ASSIGNMENT. Copy out the records precisely, omitting pictures.

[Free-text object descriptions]
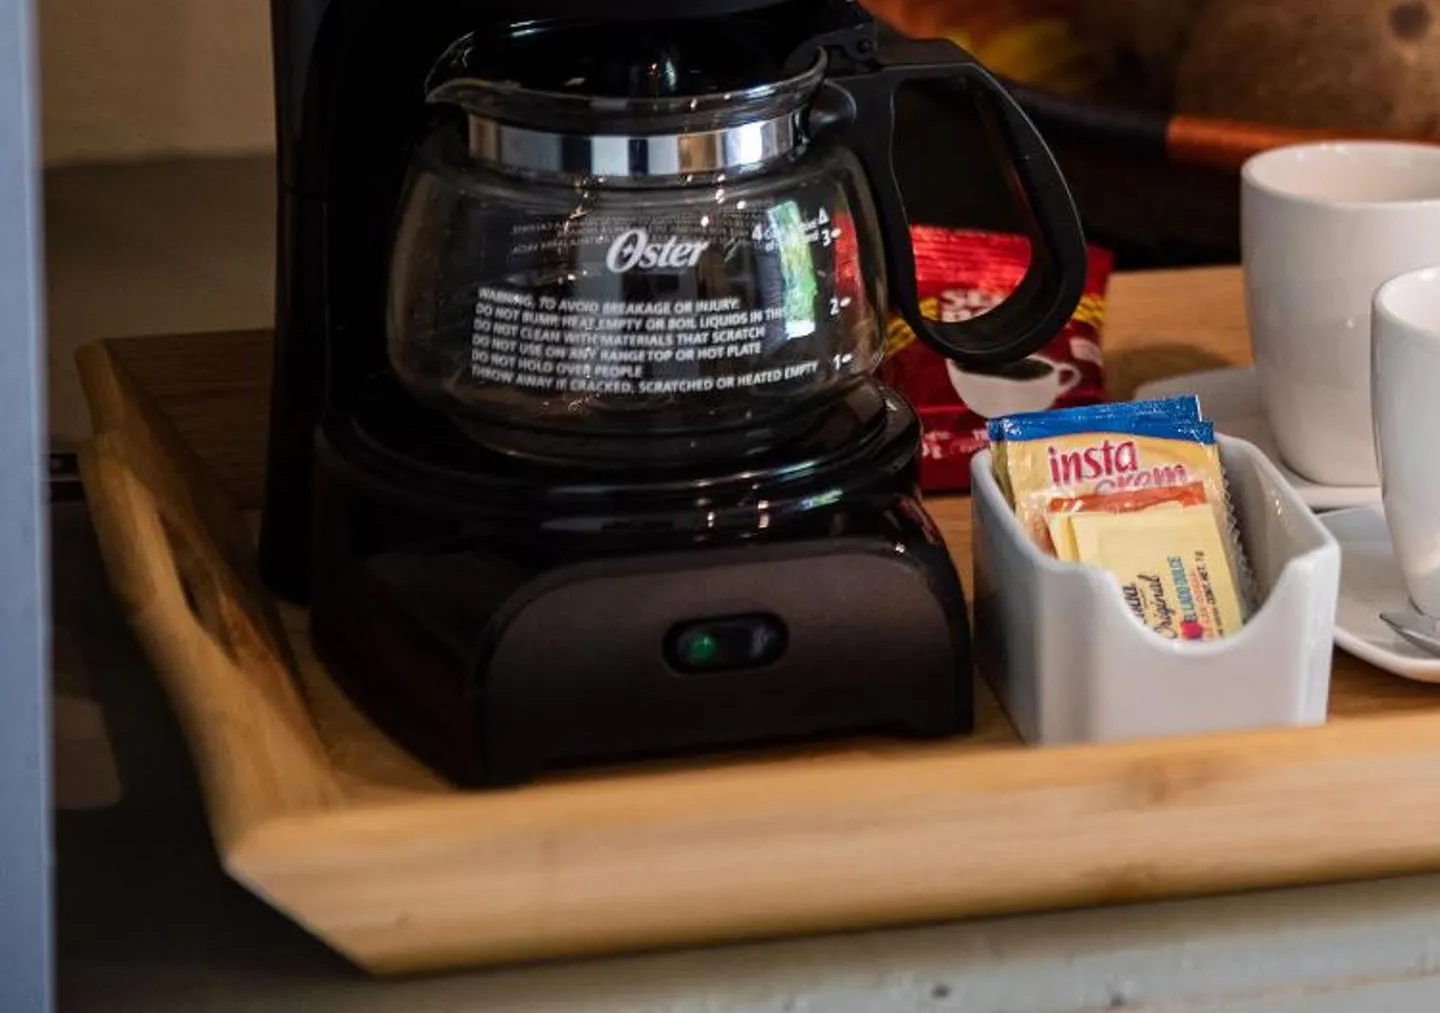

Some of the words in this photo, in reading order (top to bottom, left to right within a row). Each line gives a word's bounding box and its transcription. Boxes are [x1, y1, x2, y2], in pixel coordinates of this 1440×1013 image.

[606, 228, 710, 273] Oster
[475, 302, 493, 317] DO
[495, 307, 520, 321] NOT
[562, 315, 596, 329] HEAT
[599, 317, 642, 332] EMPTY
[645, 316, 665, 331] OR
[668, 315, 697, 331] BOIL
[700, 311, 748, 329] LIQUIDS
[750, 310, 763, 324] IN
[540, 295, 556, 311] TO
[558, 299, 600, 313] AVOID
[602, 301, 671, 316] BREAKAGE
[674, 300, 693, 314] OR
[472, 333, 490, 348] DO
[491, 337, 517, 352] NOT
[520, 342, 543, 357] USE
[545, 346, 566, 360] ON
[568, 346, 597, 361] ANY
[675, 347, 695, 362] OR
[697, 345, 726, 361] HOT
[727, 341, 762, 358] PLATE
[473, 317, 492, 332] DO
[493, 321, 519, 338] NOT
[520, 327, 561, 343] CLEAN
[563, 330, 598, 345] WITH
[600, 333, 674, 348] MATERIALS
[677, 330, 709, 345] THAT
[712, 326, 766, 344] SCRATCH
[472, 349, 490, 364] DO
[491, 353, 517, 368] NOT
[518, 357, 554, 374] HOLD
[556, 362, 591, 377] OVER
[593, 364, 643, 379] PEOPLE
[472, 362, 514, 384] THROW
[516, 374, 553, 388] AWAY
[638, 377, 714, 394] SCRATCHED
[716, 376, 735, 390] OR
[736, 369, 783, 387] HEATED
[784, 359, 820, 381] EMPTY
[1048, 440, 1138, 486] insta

OUTPUT FOR THIS EXERCISE.
Some of the words in this photo, in reading order (top to bottom, left to right within a row). Each line gives a word's bounding box and its transcription. Boxes are [x1, y1, x2, y2], in pixel coordinates of this 1440×1013 image.

[606, 228, 710, 273] Oster
[475, 302, 493, 317] DO
[495, 307, 520, 321] NOT
[562, 315, 596, 329] HEAT
[599, 317, 642, 332] EMPTY
[645, 316, 665, 331] OR
[668, 315, 697, 331] BOIL
[700, 311, 748, 329] LIQUIDS
[750, 310, 763, 324] IN
[540, 295, 556, 311] TO
[558, 299, 600, 313] AVOID
[602, 301, 671, 316] BREAKAGE
[674, 300, 693, 314] OR
[472, 333, 490, 348] DO
[491, 337, 517, 352] NOT
[520, 342, 543, 357] USE
[545, 346, 566, 360] ON
[568, 346, 597, 361] ANY
[675, 347, 695, 362] OR
[697, 345, 726, 361] HOT
[727, 341, 762, 358] PLATE
[473, 317, 492, 332] DO
[493, 321, 519, 338] NOT
[520, 327, 561, 343] CLEAN
[563, 330, 598, 345] WITH
[600, 333, 674, 348] MATERIALS
[677, 330, 709, 345] THAT
[712, 326, 766, 344] SCRATCH
[472, 349, 490, 364] DO
[491, 353, 517, 368] NOT
[518, 357, 554, 374] HOLD
[556, 362, 591, 377] OVER
[593, 364, 643, 379] PEOPLE
[472, 362, 514, 384] THROW
[516, 374, 553, 388] AWAY
[638, 377, 714, 394] SCRATCHED
[716, 376, 735, 390] OR
[736, 369, 783, 387] HEATED
[784, 359, 820, 381] EMPTY
[1048, 440, 1138, 486] insta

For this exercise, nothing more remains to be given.